A lone Santa Clause stood in Rockefeller Center. Occasionally, he paced between one half of the giant tree’s bottom and the other. “Ho, ho, ho!” he bellowed. “Get your picture taken with Santa.” A small black tripod sat nearby, as well as an even smaller person dressed as an elf.
“Maria, let’s get our picture taken with Santa!” I exclaimed.

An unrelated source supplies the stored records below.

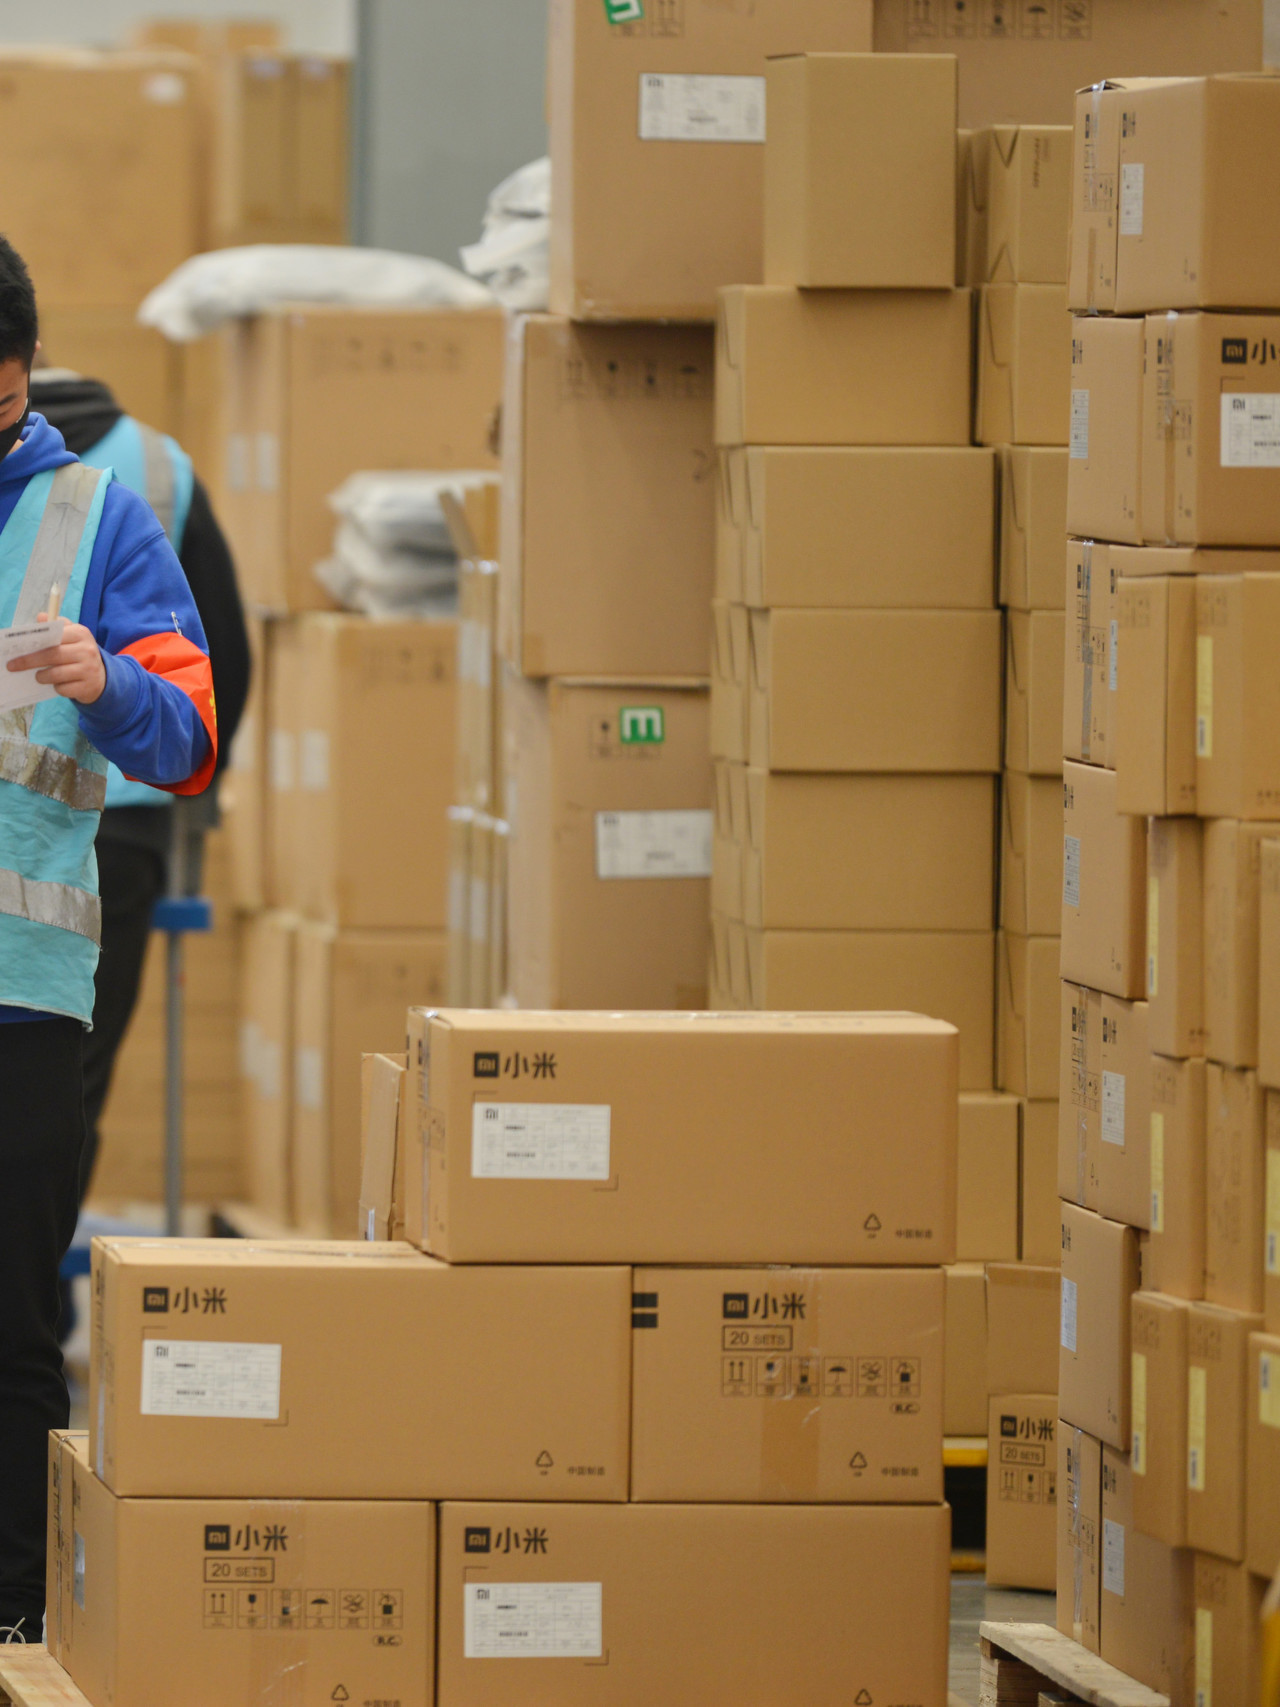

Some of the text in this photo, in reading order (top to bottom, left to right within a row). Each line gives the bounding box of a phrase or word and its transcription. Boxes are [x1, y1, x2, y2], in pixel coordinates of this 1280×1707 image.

[504, 1053, 557, 1079] 小米
[173, 1287, 227, 1314] 小米
[753, 1292, 806, 1319] 小米
[730, 1331, 785, 1345] 20 SETS
[1020, 1417, 1054, 1441] 小米
[235, 1525, 288, 1551] 小米
[495, 1527, 549, 1554] 小米
[211, 1563, 268, 1577] 20 SETS

“Sure.” She smiled and clutched my hand.
We walked over toward Santa Claus. The closer we got, the more I realized that he was not a jolly old St. Nick, but a filthy wop in a red suit. He was supposed to be covered with chimney soot; instead he was coated with urban grime. The elf that accompanied him was even worse. He was a short, pudgy black man, and held a rotten cigar between his lips. His face was as purple and wrinkly as a prune. His pot belly had split his green vest open. I could see his stomach as it hung down like a pregnant woman’s ten seconds after she broke water. I didn’t know which was worse: the stench of the burned out cigar or the odor of two bodies that hadn’t seen a shower for weeks.

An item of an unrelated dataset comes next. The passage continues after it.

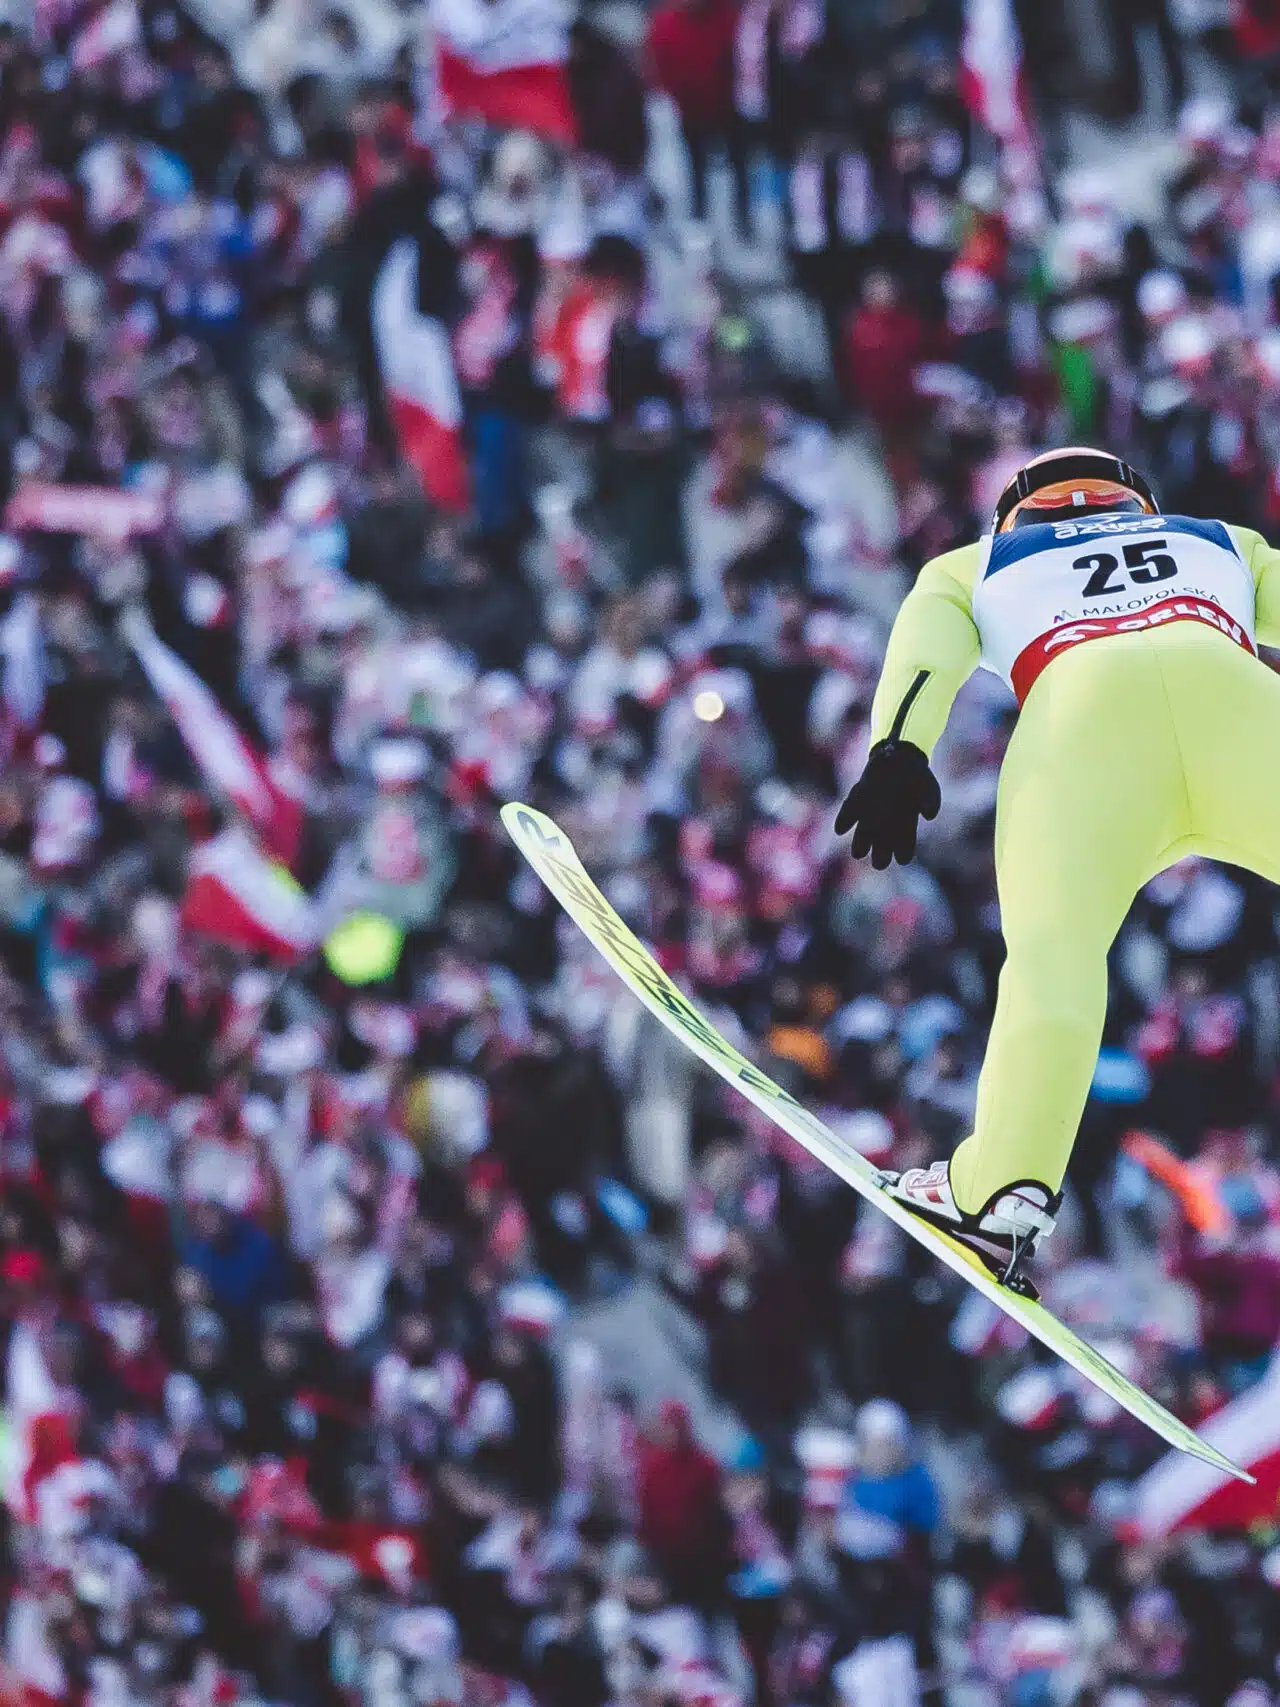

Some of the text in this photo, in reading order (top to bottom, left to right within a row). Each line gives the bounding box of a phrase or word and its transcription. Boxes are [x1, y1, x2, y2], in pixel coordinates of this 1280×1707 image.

[1072, 540, 1178, 598] 25
[1083, 587, 1221, 616] MAŁOPOLSKA
[1116, 604, 1242, 645] ORLEN

“Do you two lovebirds want to get your picture taken with Santa?” they asked. “It’s only twenty dollars.”
“Twenty dollars! Twenty dollars! It’s Christmas, and you’re charging little kids and couples twenty bucks to get a stupid picture taken!?” I lifted my head and gazed at the undersized tree.
“Fuck you, Santa!”
Fuck you Santa! God, that line rings in my mind to this day. It reminds me of how I met Mike: “Go fuck yourself, Mike!” Ha! I love it!

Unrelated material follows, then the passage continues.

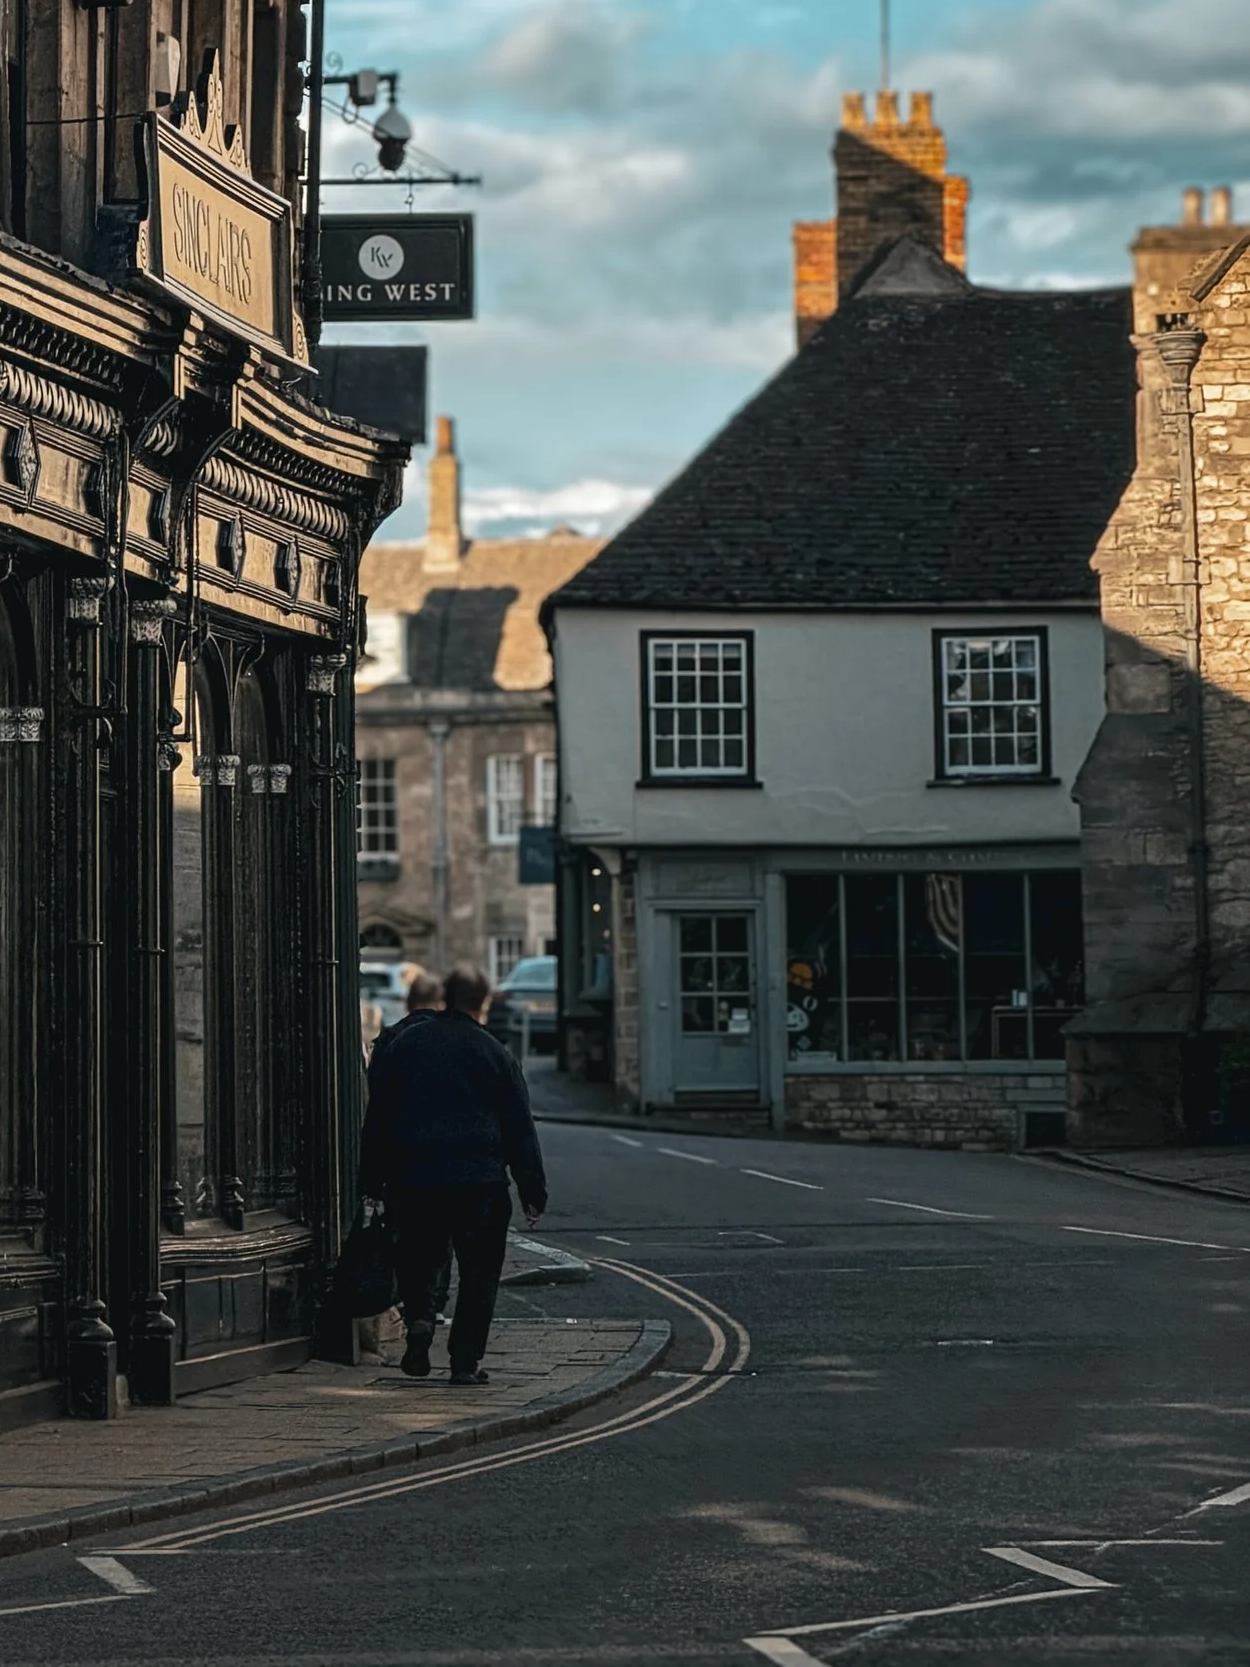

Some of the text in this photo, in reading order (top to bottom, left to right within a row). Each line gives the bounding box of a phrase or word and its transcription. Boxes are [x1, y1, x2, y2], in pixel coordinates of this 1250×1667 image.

[172, 182, 252, 305] SINCLAIRS
[325, 284, 455, 302] ING WEST

Maria wasn’t as entertained as I was. She was so embarrassed by my outburst that she swiftly grabbed my shoulder and yanked me away. Her face said “Bad dog! Bad!” But her mouth remained closed. Good. A fight had been avoided. As planned, we exited the plaza and walked up Fifth Avenue toward St. Patrick’s Cathedral.
St. Pat’s looks as though it was constructed with lofty upside-down granite icicles. I’ve always loved St. Pat’s because it’s even more out of place in midtown than the tree. And yet, Manhattan wouldn’t have been the same without it. I’ve always loved anything that looks out of place but still seems like it belongs.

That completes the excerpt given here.